Across the whole genome, we have evidence that a number of candidate photoperiod response genes are associated with QTL (Fig. 2), but, in general, SNPs associated with photoperiod response do not represent variants at candidate flowering or photoperiod genes. Perhaps homologues of important photoperiod pathway genes from Arabidopsis do not tend to share similar functions in maize, or perhaps a high proportion of the causal genetic variation occurs in noncoding regions, and so they are not detected as an enrichment of GWAS associations within candidate genes. This result also may reflect an inherent limitation of GWAS based on single SNPs to resolve allelic series as a result of more complex haplotypic variation.

The consistently high levels of expression and phenotypic effects on photoperiod response of teosinte alleles at ZmCCT suggests that the mutation(s) that reduced the effect of ZmCCT on photoperiod response were rare or absent in teosinte, but increased to high frequencies following the initial domestication of maize. The effect of reduced ZmCCT expression on fitness in maize is highly dependent on environments, so it is possible that these alleles were not selected for until humans attempted to move maize culture to higher latitudes, which succeeded only in the most recent 2,000 y (5, 37). The relatively common occurrence of ZmCCT alleles with limited or no effect on photoperiod response among tropical inbred lines could be a result of much earlier selection sweep related to adaptation of maize to rainfall patterns and other climate differences between the domestication zone and other tropical environments (e.g., highland areas) where the effect of ZmCCT might have hindered flowering under day lengths greater than 12 h but less than 13 h. Alternatively, Ghd7 in rice is known to affect inflorescence architecture, so ZmCCT may have been selected first in tropical maize for its effects on ear morphology, helping to move alleles that were preadapted to longer day lengths to a high frequency in tropical maize. More recent exchange of maize germplasm among geographic regions may also be involved, but, in any case, ZmCCT alleles with reduced effects on photoperiod response appear to be selectively neutral in many tropical environments.

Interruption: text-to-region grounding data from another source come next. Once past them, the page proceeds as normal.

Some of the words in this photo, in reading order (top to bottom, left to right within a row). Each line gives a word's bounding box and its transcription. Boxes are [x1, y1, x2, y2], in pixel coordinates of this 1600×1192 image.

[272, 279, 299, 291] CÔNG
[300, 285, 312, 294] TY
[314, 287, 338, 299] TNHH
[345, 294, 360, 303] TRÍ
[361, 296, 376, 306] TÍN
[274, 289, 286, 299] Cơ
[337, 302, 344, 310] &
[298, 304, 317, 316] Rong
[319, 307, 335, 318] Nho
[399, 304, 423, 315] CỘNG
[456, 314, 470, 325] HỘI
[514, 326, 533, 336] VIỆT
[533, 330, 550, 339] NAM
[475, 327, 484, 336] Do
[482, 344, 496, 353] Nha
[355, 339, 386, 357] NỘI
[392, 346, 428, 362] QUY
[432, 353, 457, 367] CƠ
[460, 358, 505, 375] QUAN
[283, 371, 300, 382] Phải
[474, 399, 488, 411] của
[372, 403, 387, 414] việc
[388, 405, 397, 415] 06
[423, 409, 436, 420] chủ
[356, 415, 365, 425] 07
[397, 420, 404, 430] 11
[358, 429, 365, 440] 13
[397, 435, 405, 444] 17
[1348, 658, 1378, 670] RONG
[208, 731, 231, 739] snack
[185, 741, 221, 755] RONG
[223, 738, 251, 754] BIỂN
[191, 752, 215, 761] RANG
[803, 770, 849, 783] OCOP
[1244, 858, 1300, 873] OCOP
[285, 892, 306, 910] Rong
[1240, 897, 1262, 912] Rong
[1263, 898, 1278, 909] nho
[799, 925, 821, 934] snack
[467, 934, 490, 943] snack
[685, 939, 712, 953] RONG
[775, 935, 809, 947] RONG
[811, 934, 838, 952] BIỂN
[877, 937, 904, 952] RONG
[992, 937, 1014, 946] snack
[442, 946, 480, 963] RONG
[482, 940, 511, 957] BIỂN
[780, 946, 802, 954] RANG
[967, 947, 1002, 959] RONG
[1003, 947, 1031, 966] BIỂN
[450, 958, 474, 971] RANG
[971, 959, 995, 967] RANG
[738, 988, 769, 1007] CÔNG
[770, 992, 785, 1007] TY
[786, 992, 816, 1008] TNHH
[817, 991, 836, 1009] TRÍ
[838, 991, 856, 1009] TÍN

Standing variation at photoperiod response loci provided early American peoples the raw material with which to select maize with adaptation to increasingly higher latitudes. Although the North–South spread of maize from its center of origin to cover vast distances in latitudes and ecologies was slower than the East–West spread of temperate cereals in Eurasia, it was accomplished before the arrival of Columbus to the Americas and before the discovery of the scientific principles of plant breeding, highlighting the skill of early agriculturalists and the power of artificial selection to shape unique genomic variation rapidly on an evolutionary time scale.

Materials and Methods

Maize Population Development and Genotyping.

The maize NAM population was created by crossing 25 diverse inbred lines to the common reference parent B73 and deriving 200 RILs from each cross to form 5,000 mapping lines (14). The NAM population was evaluated in 11 environments, including eight environments with mean day lengths greater than 13 h during the growing season (long-day length environments) and three environments with mean day lengths less than 13 h (short-day length environments) (38). A sample of 200 intermated B73 × Mo17 (IBM) RILs (39) and a panel of 281 lines encompassing much of the global diversity of public maize inbreds (“maize association panel”) (32) were also included alongside the NAM lines in field evaluations. The total number of inbred lines evaluated in field experiments was 5,481. Details of experimental design and phenotype data analysis are provided in the work of Hung et al. (38) and in SI Appendix, SI Materials and Methods. Each NAM and IBM line was genotyped with a common set of 1,106 SNP markers chosen to have high informativeness in these crosses (14). Linkage map and genotype scores are available at www.panzea.org (40). Lines identified with greater than 8% heterozygosity or putative contamination based on SNP analysis were excluded from QTL and GWAS analyses, resulting in a sample size of 4,699 NAM and 162 IBM (total of 4,861) RILs used for genetic analysis.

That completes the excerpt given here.